:: INSTRUCTIONS FOR THE TASK ::
A faithful copy of the data is what is wanted, minus any pictures.

:: Saved entries ::
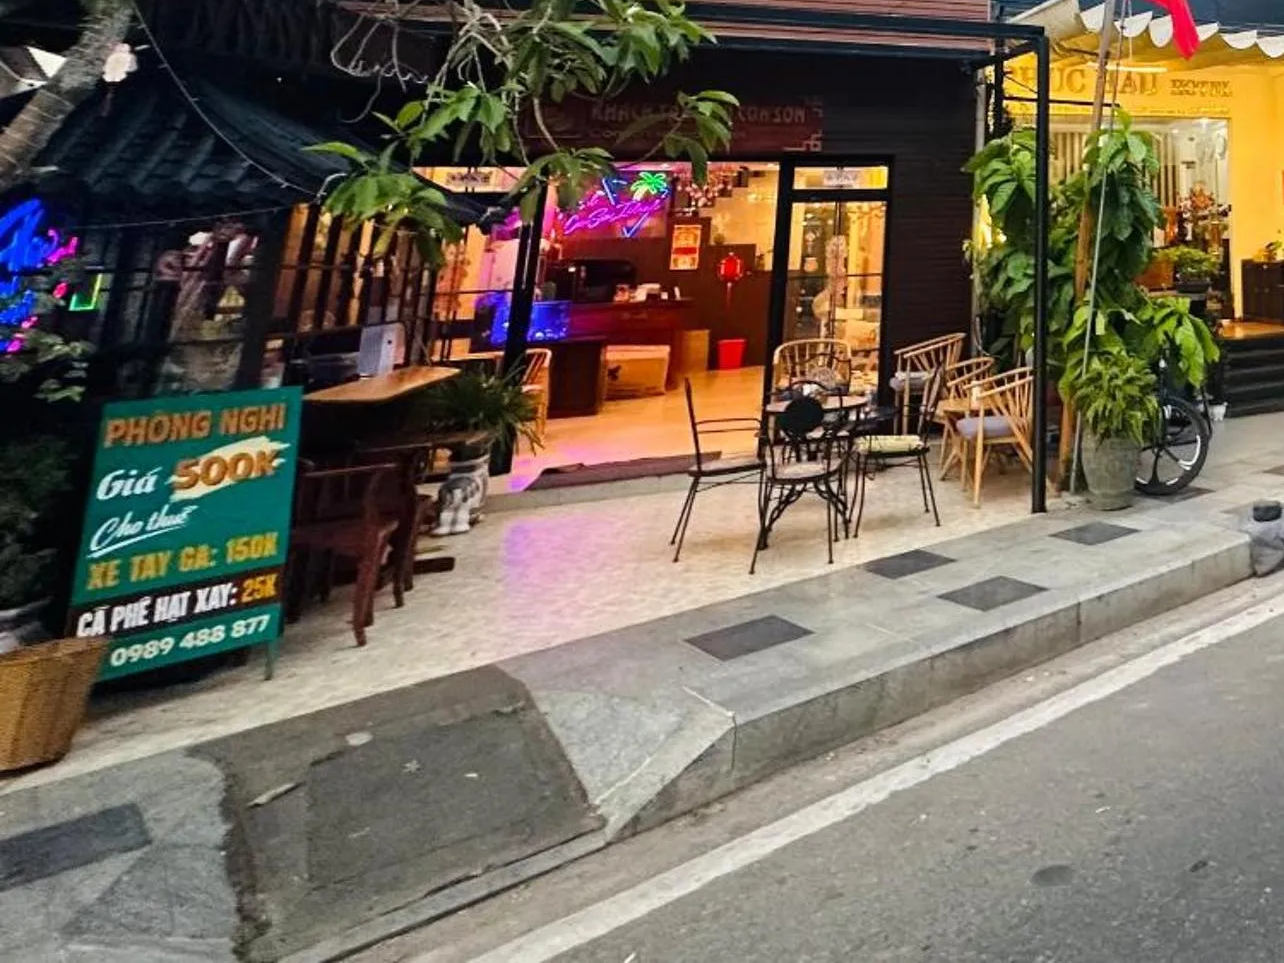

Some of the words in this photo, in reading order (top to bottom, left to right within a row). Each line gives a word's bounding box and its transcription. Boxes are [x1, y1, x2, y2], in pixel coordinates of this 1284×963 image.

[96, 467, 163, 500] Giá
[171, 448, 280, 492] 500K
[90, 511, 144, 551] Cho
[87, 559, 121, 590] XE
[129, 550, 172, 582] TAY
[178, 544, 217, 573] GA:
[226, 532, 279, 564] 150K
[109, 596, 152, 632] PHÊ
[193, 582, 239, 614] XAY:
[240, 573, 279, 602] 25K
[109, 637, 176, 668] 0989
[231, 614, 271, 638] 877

:: TASK RESPONSE ::
Some of the words in this photo, in reading order (top to bottom, left to right within a row). Each line gives a word's bounding box and its transcription. Boxes are [x1, y1, x2, y2], in pixel coordinates of this 1284×963 image.

[96, 467, 163, 500] Giá
[171, 448, 280, 492] 500K
[90, 511, 144, 551] Cho
[87, 559, 121, 590] XE
[129, 550, 172, 582] TAY
[178, 544, 217, 573] GA:
[226, 532, 279, 564] 150K
[109, 596, 152, 632] PHÊ
[193, 582, 239, 614] XAY:
[240, 573, 279, 602] 25K
[109, 637, 176, 668] 0989
[231, 614, 271, 638] 877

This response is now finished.